Вдруг понял. Нестерпимо, до головокружения хотелось снова ощутить теплое и чуть влажное. Нежное. Но чтобы вместе. Совсем-совсем воедино. Господи, какая тоска.
Сзади раздались шаги, Дима резко обернулся. Шли парень с девушкой, молча, зато в обнимку. С плеча парня, заглушая шуршащую дождем тишину, псевдонародным голосом улюлюкал транзистор; «Ой, люли, ой, люли, у меня ль, Марины, губы красны от любви, словно от малины…» Шли под зонтом и как будто дремали. Можно было дремать. Можно было молчать, можно было быть врозь — радио общалось с обоими за обоих. Дима квохчуще засмеялся, повернулся к реке и лихо сплюнул. Ушли. Стихло. Едва слышно, стеклянно шелестела под дождем вода внизу. И плыла в океан. Берега дрожали в искристой сетке. Призрак телебашни купался в облаках. Заслышав лязг наползающего трамвая, Дима пошел дальше, с упоением чувствуя, как стекает за шиворот вода, как капает с носа, с волос. И никуда не спешил. Ему было весело, он бы свободен. Шокотерапия, думал он. Все будет в порядке. Да, вспомнил он. Шут! Он ускорил шаги, и вскоре набрел на какую-то почту. Примостился в уголке, написал: «Шут, дурья башка! Не смей грубить Лидке! Тебе до беса повезло, тебя любят!» Больше как-то не приходило на ум аргументов. Нельзя не отвечать на любовь — вот и весь аргумент. Дима глядел в блокнот, вертел карандаш и пытался измыслить что-нибудь логически убедительное, но не измыслил, и тогда, полетав карандашом, нарисовал Лидку в морской пене и стоящего на коленях Шута. Шут обнимал ее ноги, пеной был заляпан его модный костюм. Как лихо сегодня, подумал Дима. Просто гениально. Что хочу, то и рисуется. В цвете бы попробовать. Рвануть сейчас домой и… Сразу стало тоскливо. Надвинулся страх — не получится. С одной стороны, должно получиться, потому что если даже то, что он любит делать, у него не получается, то жить незачем и просто нет права жить. С другой стороны, наверняка ведь не получится, так уж лучше не убеждаться в этом лишний раз, лучше уж не мучиться. Помучиться — это я всегда успею, подумал он. Он подписал под рисунком: «Понял? Я еще приеду на днях, шмон тебе наведу. А то взяли моду — не любить!» Купил конверт и тут же отправил.

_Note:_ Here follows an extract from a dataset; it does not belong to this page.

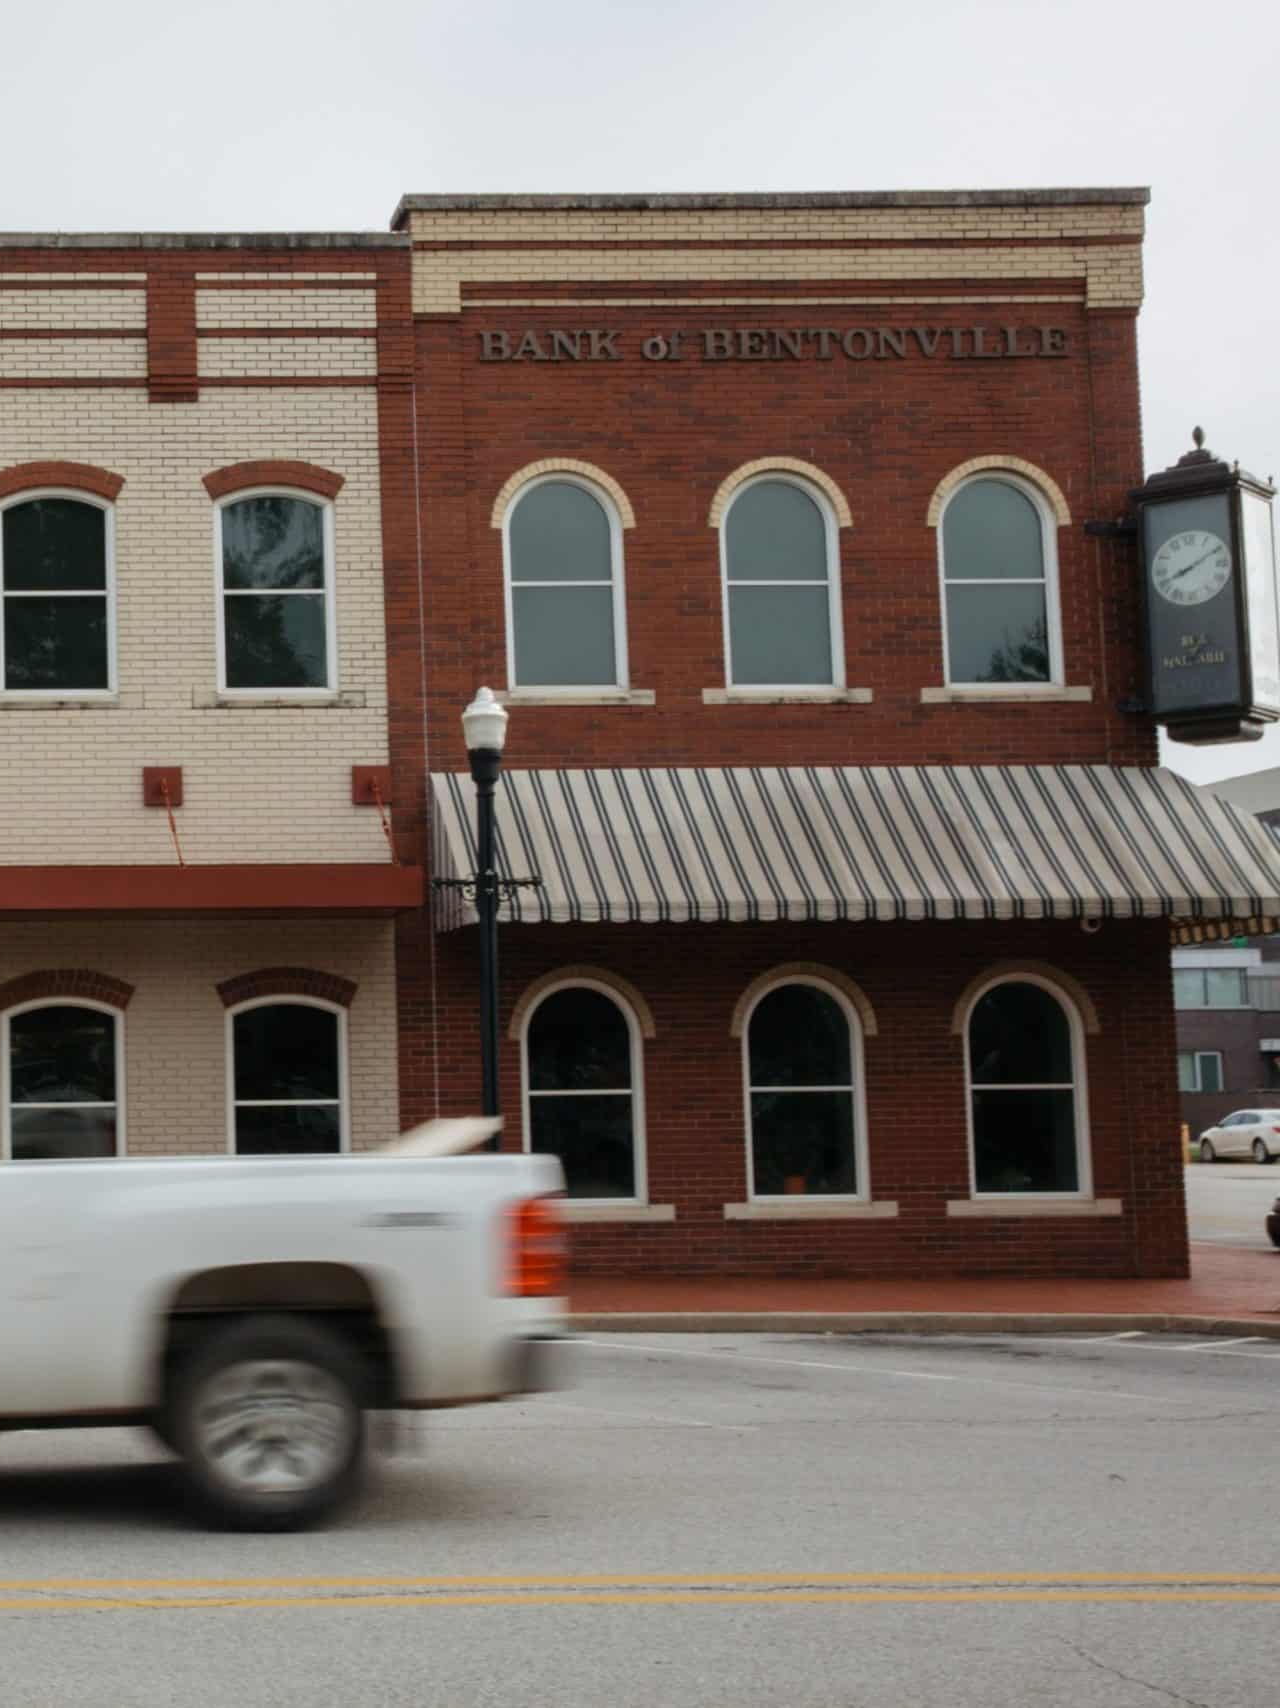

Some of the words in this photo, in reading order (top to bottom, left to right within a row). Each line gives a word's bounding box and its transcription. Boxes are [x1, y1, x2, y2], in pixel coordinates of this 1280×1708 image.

[479, 329, 624, 361] BANK
[641, 329, 690, 361] of
[703, 327, 1068, 361] BENTONVILLE

Когда он ушел с почты, дождь кончился, и Дима пожалел, что мало под ним погулял. Асфальт блестел, как лед. Дима стал играть, будто это и есть лед, а он — корова на льду. Прокатился мимо парадняка, из которого дребезжала расстроенная гитара, и несколько голосов тупо, вразнобой горланили: «Хорошо живет на свете Винни Пух! У него жена и дети, вот лопух!» Выбрав местечко побезлюднее, сделал тодес… кораблик… двойной тулуп… Потом вспомнил, что он — корова, и, с ужасом мыча, въехал в ближайшую стену. Захохотал.

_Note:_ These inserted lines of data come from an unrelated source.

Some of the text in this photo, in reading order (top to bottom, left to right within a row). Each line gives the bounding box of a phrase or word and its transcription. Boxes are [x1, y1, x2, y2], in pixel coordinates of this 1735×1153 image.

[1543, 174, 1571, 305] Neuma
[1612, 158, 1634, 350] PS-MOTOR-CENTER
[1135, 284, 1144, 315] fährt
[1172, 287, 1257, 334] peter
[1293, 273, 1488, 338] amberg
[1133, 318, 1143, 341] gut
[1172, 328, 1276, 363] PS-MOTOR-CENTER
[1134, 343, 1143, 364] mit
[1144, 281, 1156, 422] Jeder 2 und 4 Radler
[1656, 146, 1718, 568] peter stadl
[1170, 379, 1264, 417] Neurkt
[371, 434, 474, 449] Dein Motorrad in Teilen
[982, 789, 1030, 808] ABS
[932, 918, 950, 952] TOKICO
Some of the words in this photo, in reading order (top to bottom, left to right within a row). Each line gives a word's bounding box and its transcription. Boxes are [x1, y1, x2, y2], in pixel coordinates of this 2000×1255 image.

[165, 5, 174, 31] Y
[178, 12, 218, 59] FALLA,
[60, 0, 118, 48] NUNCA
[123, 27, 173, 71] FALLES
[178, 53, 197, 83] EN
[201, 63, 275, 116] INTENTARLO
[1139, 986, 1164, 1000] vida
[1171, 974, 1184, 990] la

Облачная пелена на западе раскололась, и в узких, длинных, как порезы, щелях пылал закат. Свет был ярким и грозным, будто из-за серой пелены рушился на землю костер. Завтра будет ветер, подумал Дима. Это было все, что он знал про завтра.

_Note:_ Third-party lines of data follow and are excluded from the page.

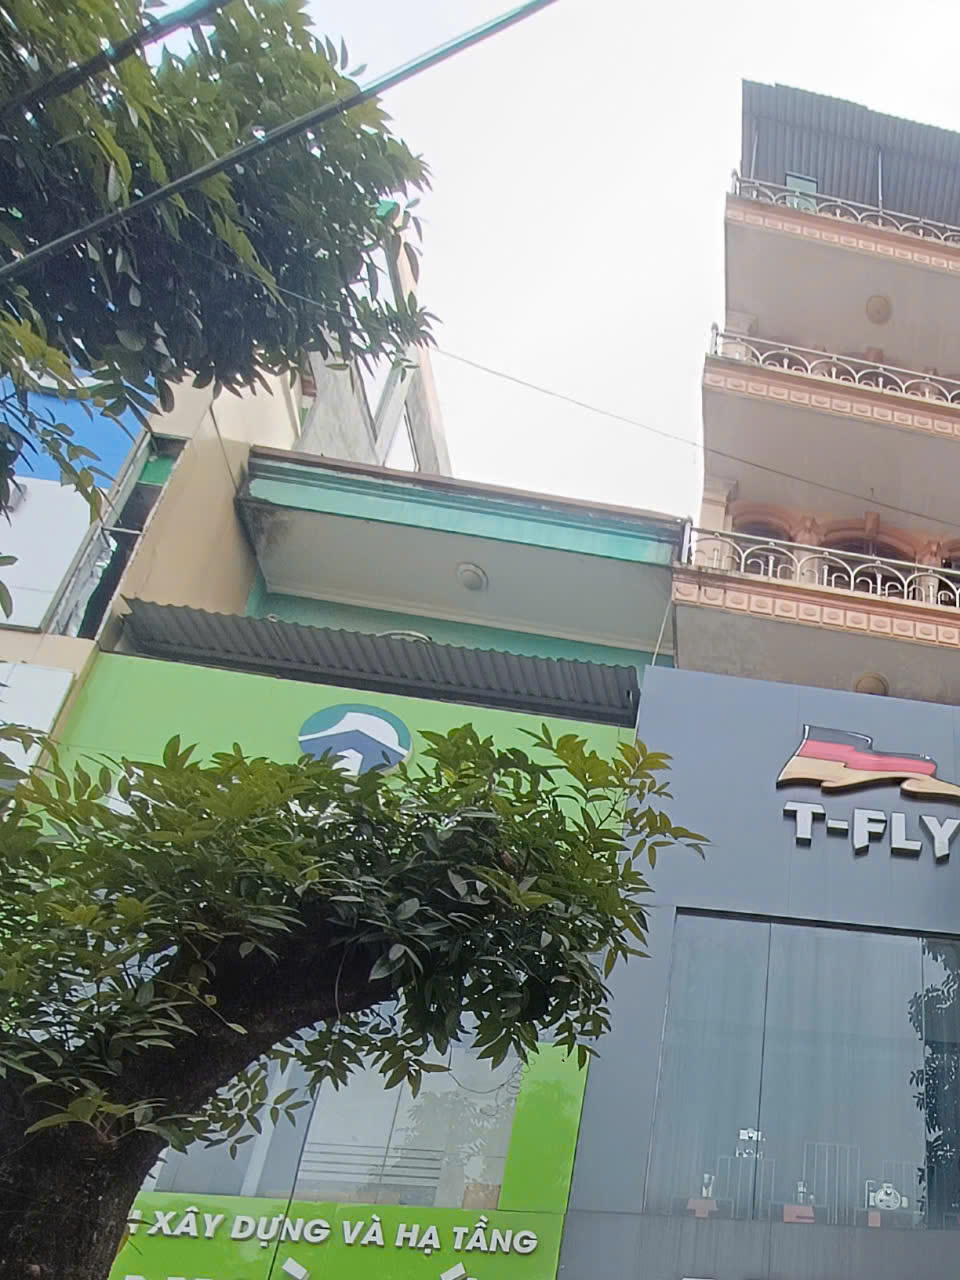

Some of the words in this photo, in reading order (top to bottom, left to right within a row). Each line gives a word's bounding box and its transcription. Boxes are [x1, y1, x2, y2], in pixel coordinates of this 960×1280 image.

[783, 801, 960, 863] T-FLY
[147, 1206, 224, 1239] XÂY
[230, 1213, 330, 1249] DỰNG
[342, 1213, 384, 1246] VÀ
[394, 1224, 442, 1254] HẠ
[452, 1215, 538, 1254] TẦNG
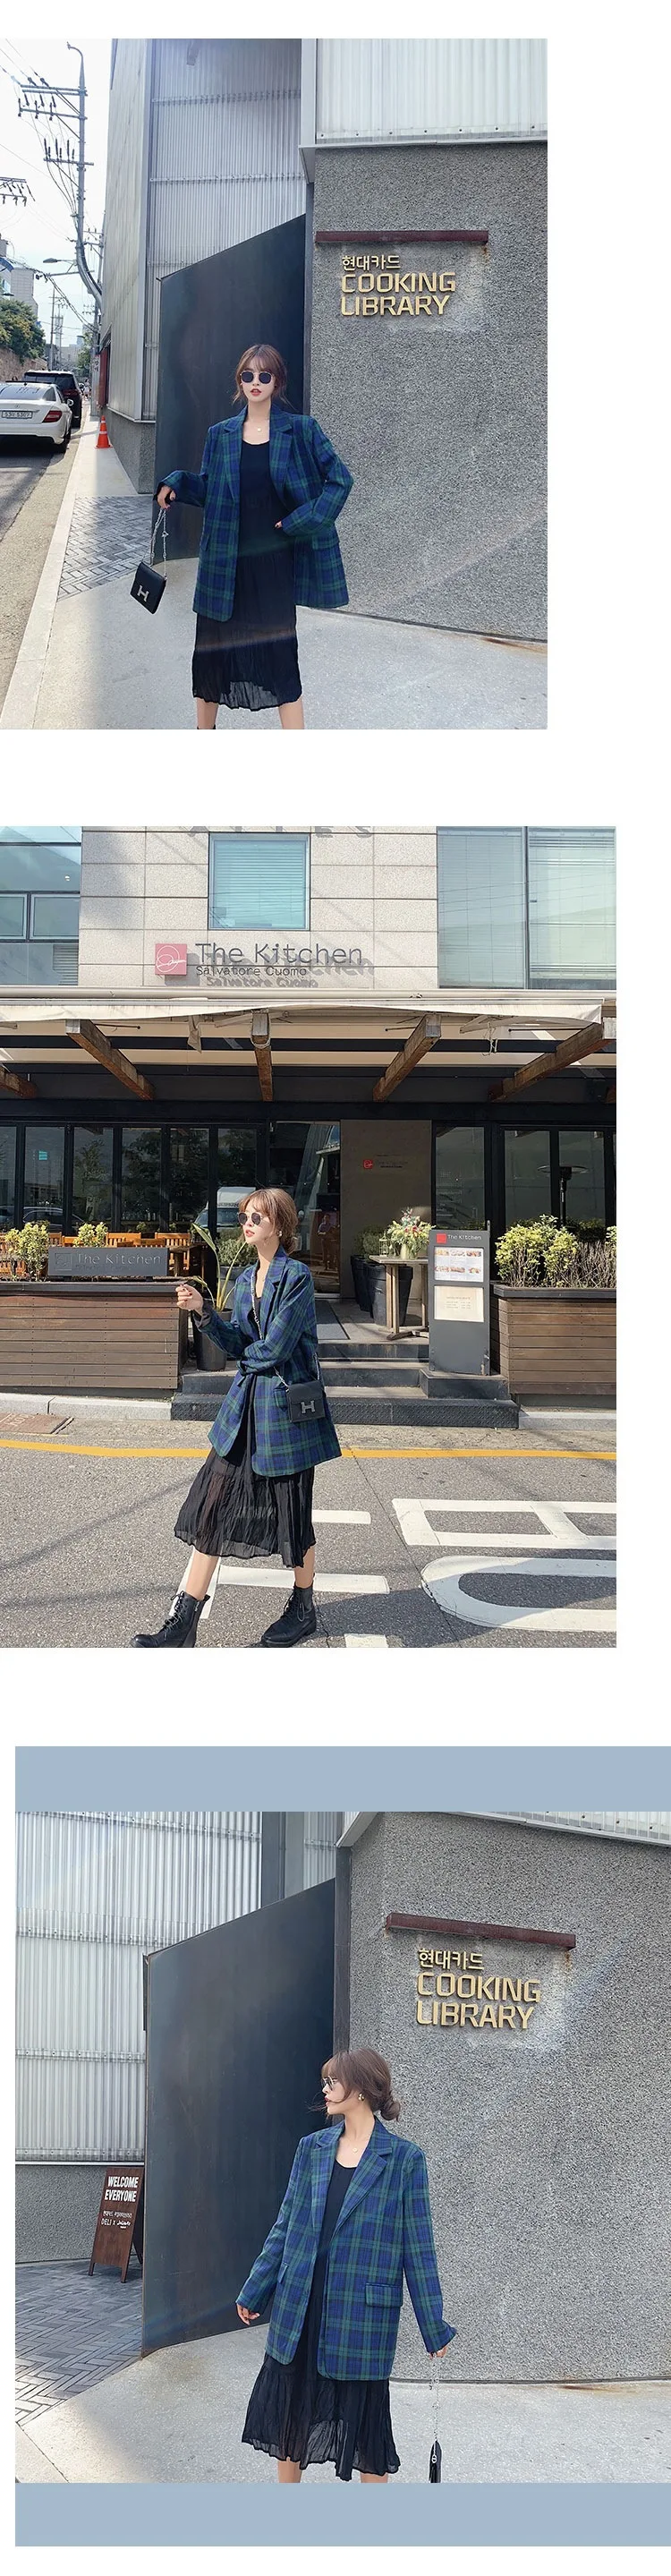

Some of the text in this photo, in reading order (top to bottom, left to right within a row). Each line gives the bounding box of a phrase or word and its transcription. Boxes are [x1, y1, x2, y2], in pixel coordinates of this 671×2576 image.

[342, 255, 401, 271] 현대카드
[341, 272, 456, 294] COOKING
[341, 294, 450, 316] LIBRARY
[195, 943, 362, 964] The Kitchen
[196, 966, 307, 977] Salvatore Cuomo
[77, 1253, 161, 1265] The Kitchen
[419, 1948, 484, 1971] 현대카드
[417, 1972, 541, 2003] COOKING
[416, 2000, 535, 2030] LIBRARY
[108, 2176, 139, 2188] WELCOME
[105, 2189, 137, 2202] EVERYONE

И я не мог его предупредить.
И даже если бы имел физическую возможность — все равно не мог.
Юрик здесь никогда не бывал. Он не знал даже, Нева это течет, Невка ли… Он смутно помнил, как бежал по каким-то мостам, на него рушился ледяной ливень… Пощупал пиджак — мокрый. И рубашка тоже. Ну вот, подумал Юрик убито, еще и ангина… Лицо опять плаксиво сморщилось и задергалось. Ноги почти не болели, но просто отнимались от усталости. Неверным шагом Юрик подполз к сырой скамье и бессильно распластался на ней, такой стылой, такой опасной для здоровья. Но теперь все равно.
Его скручивал холод, порывы ветра продирали до костей. Он мрачно радовался. Он не хотел жить, но сделать нечто решительное не мог и не умел — а вот так, привычным путем болезни… Сколько он сидел, осознавая ужасную истину — больше не звонить? Или завтра все вернется? Не может же это быть навсегда? Как жить, если никому не нужен? В пропахшем лекарствами доме? В очередях стариков?
Смеркалось. Гуляющие редели, и Юрик сначала просто удивился, когда возле него остановились две темные фигуры. Он прищурился — ровесники, может, даже моложе. Но выглядели они, как герои вестернов.
— Заснул, что ли? — хриплым баском спросил один, и тогда Юрик испугался. Он затравленно стал озираться. У парапета стояла пара — два сомкнутых силуэта на фоне мерцающей от огней воды.
— Не. Помер, — ответил другой.
Юрик читал, что в таких случаях спасают дружинники. Но их почему-то пока не было.
С ним это случилось впервые. Он редко покидал надежные стены — как мог он только думать о них с неприязнью! В школу — из школы, в поликлинику — из поликлиники. В кино — из кино.
— Рубль трешками не разменяешь? — спросил его первый.
— Не… ет у меня, — пробормотал Юрик. Он стеснялся закричать.
Хорошо, что Вика не видит.
У него были деньги. Он запасливо прихватил два рубля на кино и мороженое.
— А если поискать?
— Не надо, — попросил Юрик, и у него заслезились глаза.
— Гляди — ревет, — бросил один из темных другому. — Несолидно, — и он вдруг легонько хлестнул Юрика снизу по носу.
Нос врезался в глаза. Юрик, ослепнув от боли, хрюкнул и кинул голову назад. Хлынули слезы.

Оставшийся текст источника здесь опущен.